▶ [Prompt] Quote the listing below in its entirety, omitting every image.

▶ [Input records]
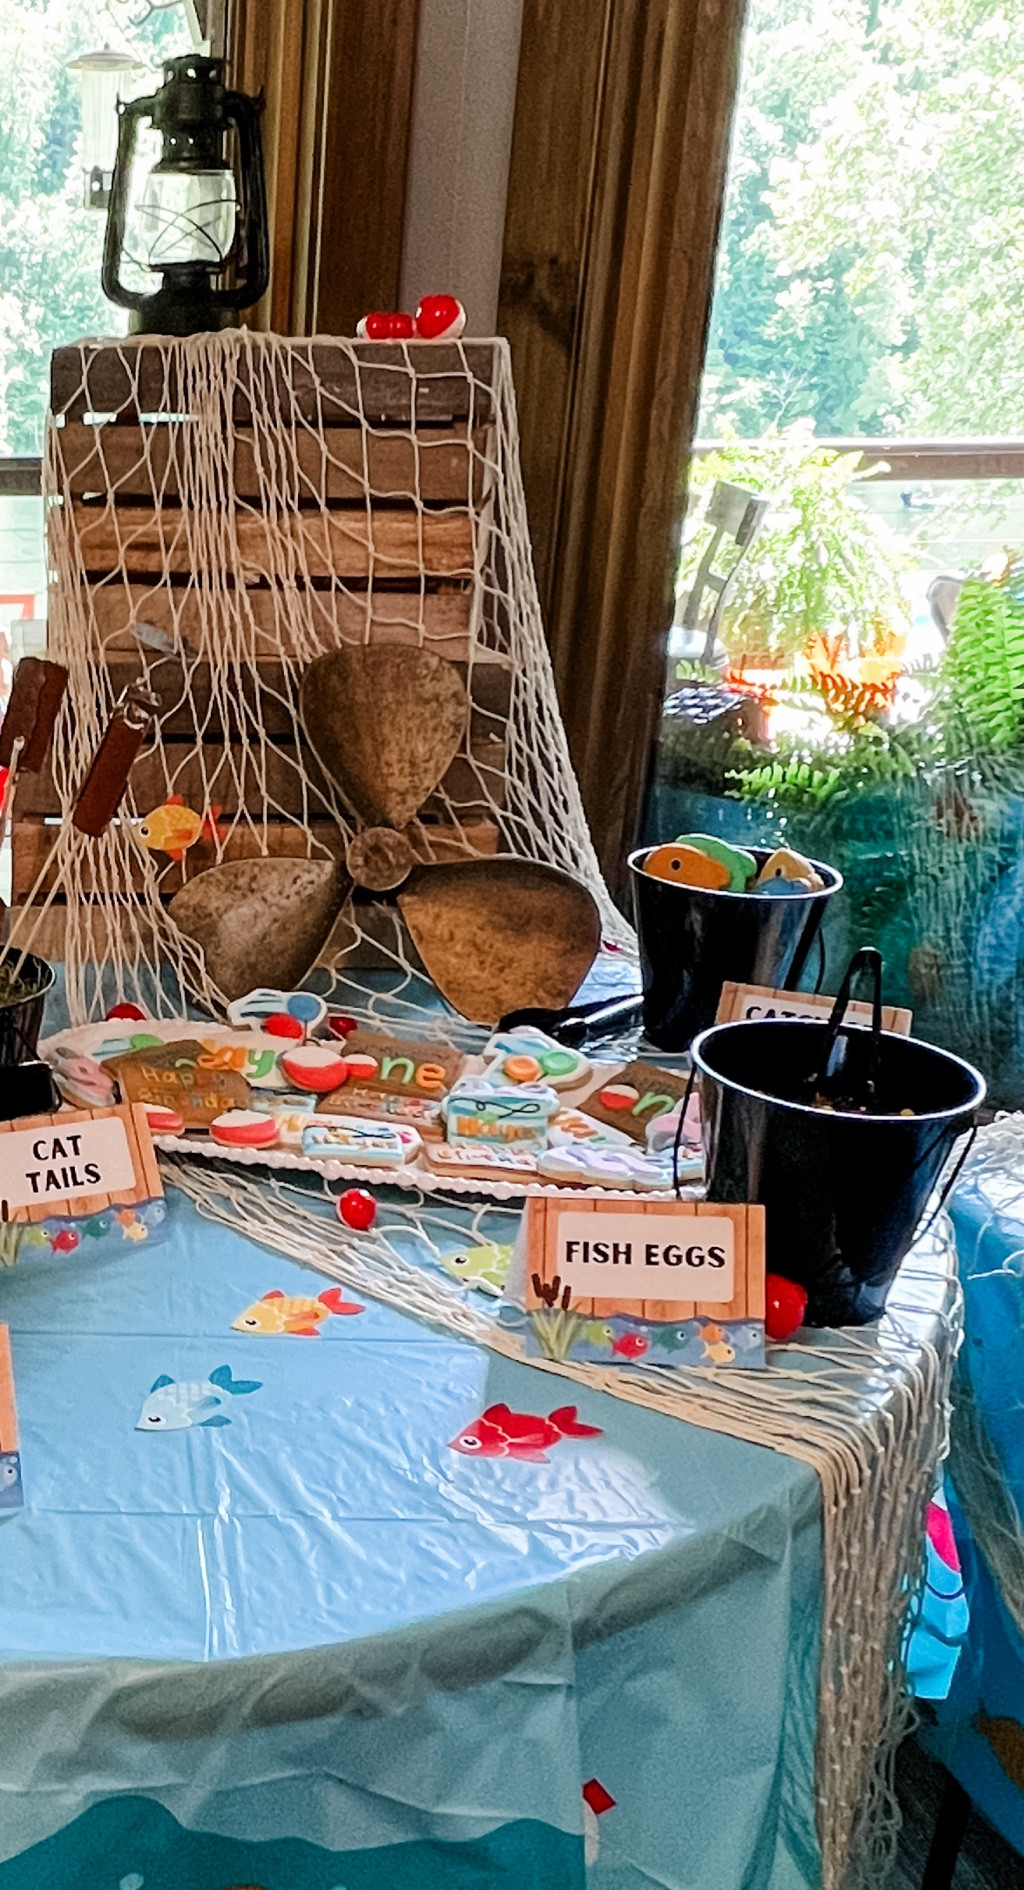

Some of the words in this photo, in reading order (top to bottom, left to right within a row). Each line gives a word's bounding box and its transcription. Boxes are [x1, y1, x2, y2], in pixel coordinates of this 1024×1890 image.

[32, 1134, 83, 1162] CAT
[25, 1163, 102, 1194] TAILS
[565, 1240, 632, 1266] FISH
[644, 1241, 726, 1269] EGGS
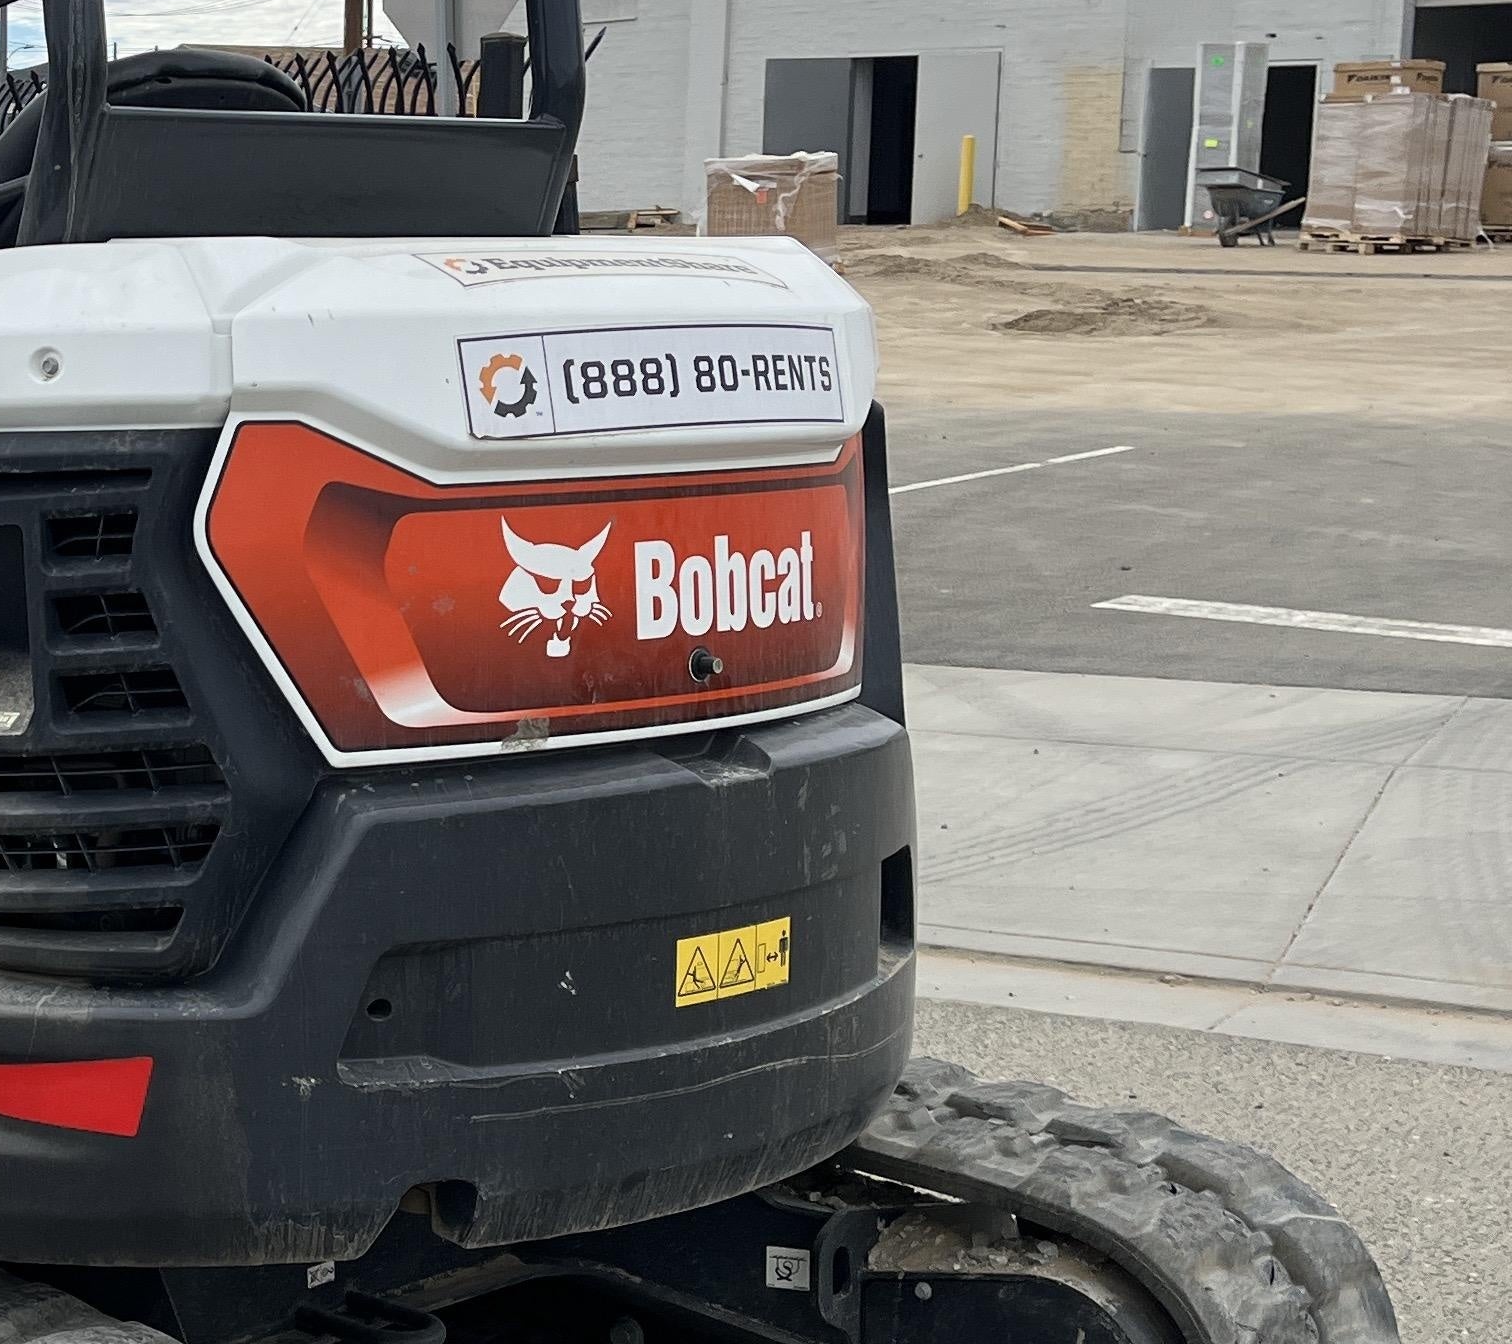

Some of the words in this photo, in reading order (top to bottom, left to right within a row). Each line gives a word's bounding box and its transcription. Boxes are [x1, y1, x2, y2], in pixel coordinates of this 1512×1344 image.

[485, 256, 759, 276] EquipmentShare
[562, 353, 680, 404] (888)
[693, 354, 833, 393] 80-RENTS
[633, 530, 815, 641] Bobcat
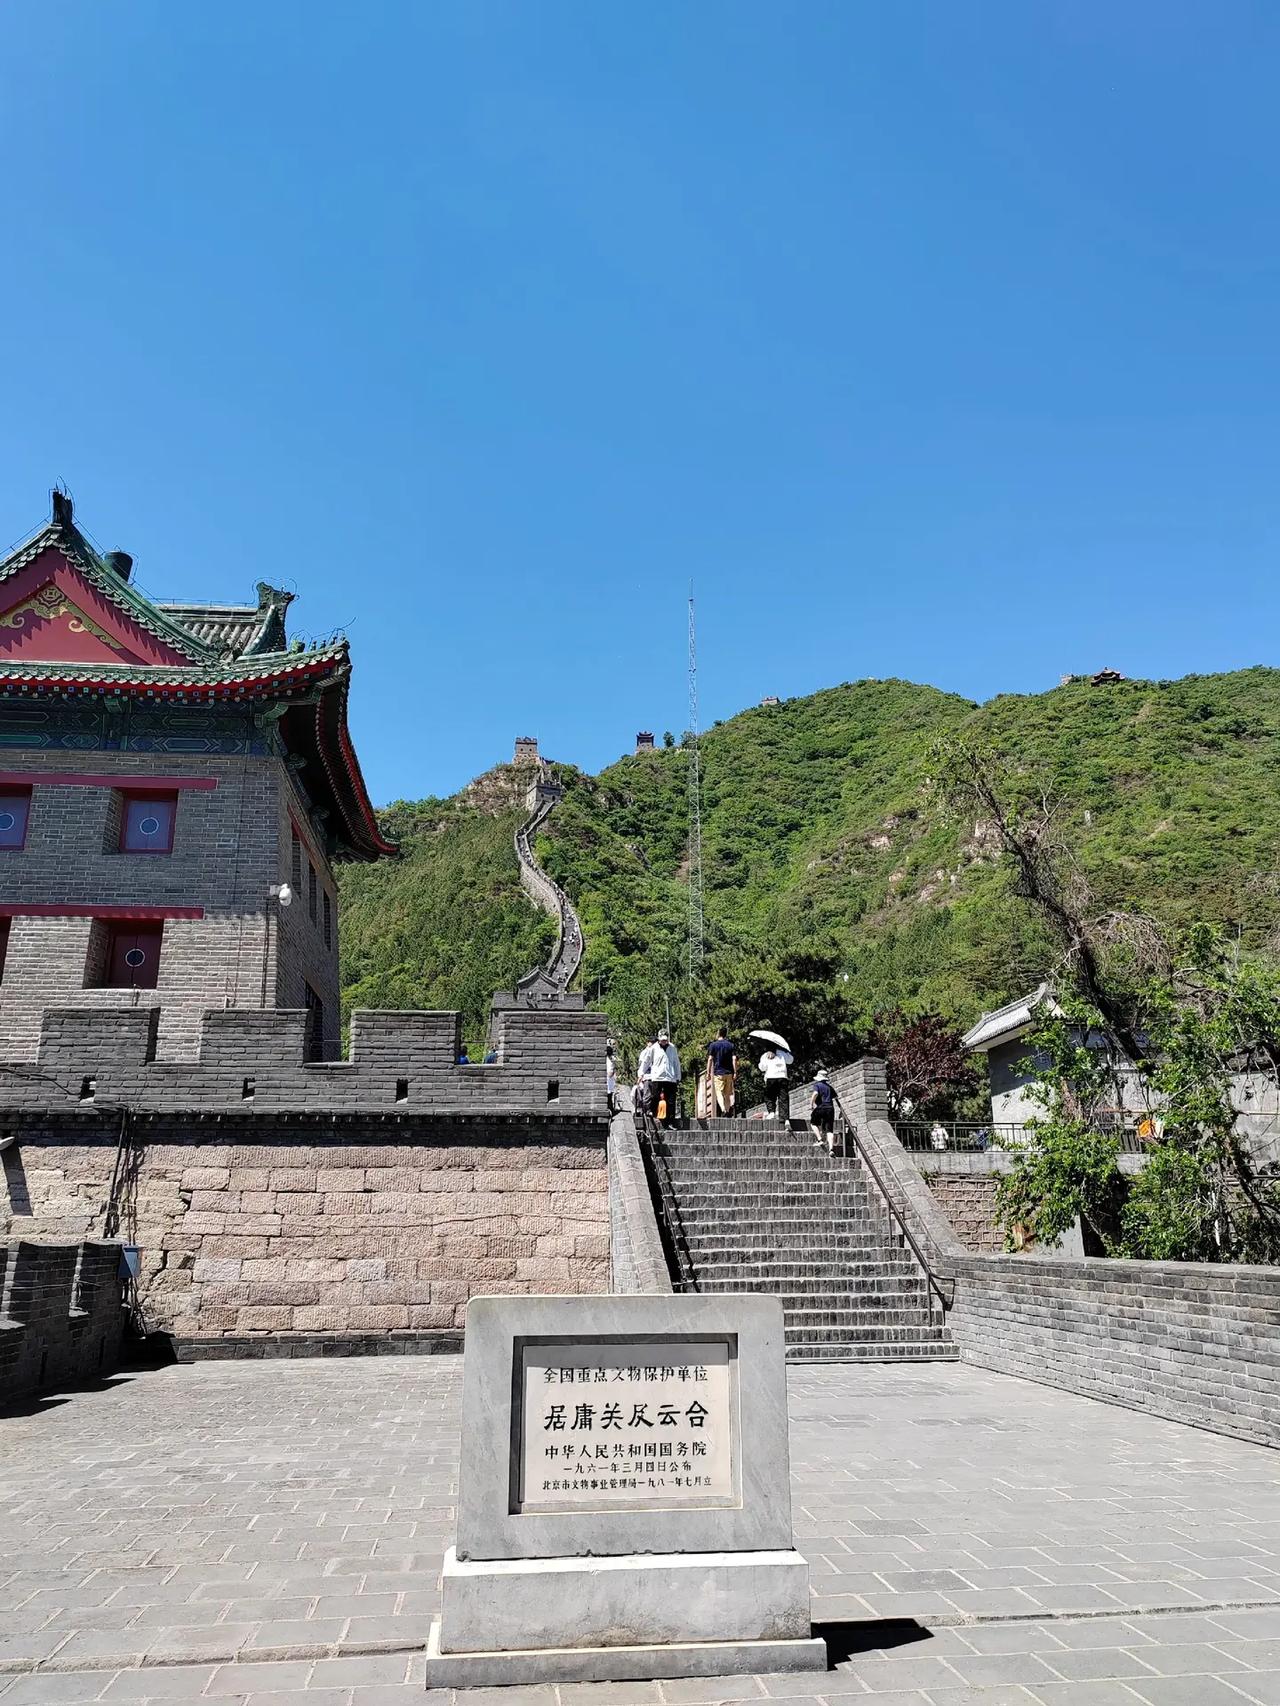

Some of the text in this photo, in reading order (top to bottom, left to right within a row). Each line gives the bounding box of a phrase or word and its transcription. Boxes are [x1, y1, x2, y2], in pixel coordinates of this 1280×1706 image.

[543, 1366, 708, 1383] 全国重点文物保护单位
[543, 1400, 709, 1431] 居庸关及云台
[544, 1441, 707, 1459] 中华人民共和国国务院
[563, 1460, 692, 1474] 一九六一年三月四日公布

▶ [Output of the exercise]
Some of the words in this photo, in reading order (top to bottom, left to right within a row). Each line gives a word's bounding box and its transcription. Boxes are [x1, y1, x2, y2], in pixel coordinates of this 1024×1890 image.

[32, 1134, 83, 1162] CAT
[25, 1163, 102, 1194] TAILS
[565, 1240, 632, 1266] FISH
[644, 1241, 726, 1269] EGGS

Some of the words in this photo, in reading order (top to bottom, left to right within a row). Each line gives a word's bounding box and its transcription. Boxes are [x1, y1, x2, y2], in pixel coordinates of this 1512×1344 image.

[485, 256, 759, 276] EquipmentShare
[562, 353, 680, 404] (888)
[693, 354, 833, 393] 80-RENTS
[633, 530, 815, 641] Bobcat

Some of the text in this photo, in reading order (top to bottom, left to right within a row). Each line gives the bounding box of a phrase or word and its transcription. Boxes are [x1, y1, x2, y2], in pixel coordinates of this 1280×1706 image.

[543, 1366, 708, 1383] 全国重点文物保护单位
[543, 1400, 709, 1431] 居庸关及云台
[544, 1441, 707, 1459] 中华人民共和国国务院
[563, 1460, 692, 1474] 一九六一年三月四日公布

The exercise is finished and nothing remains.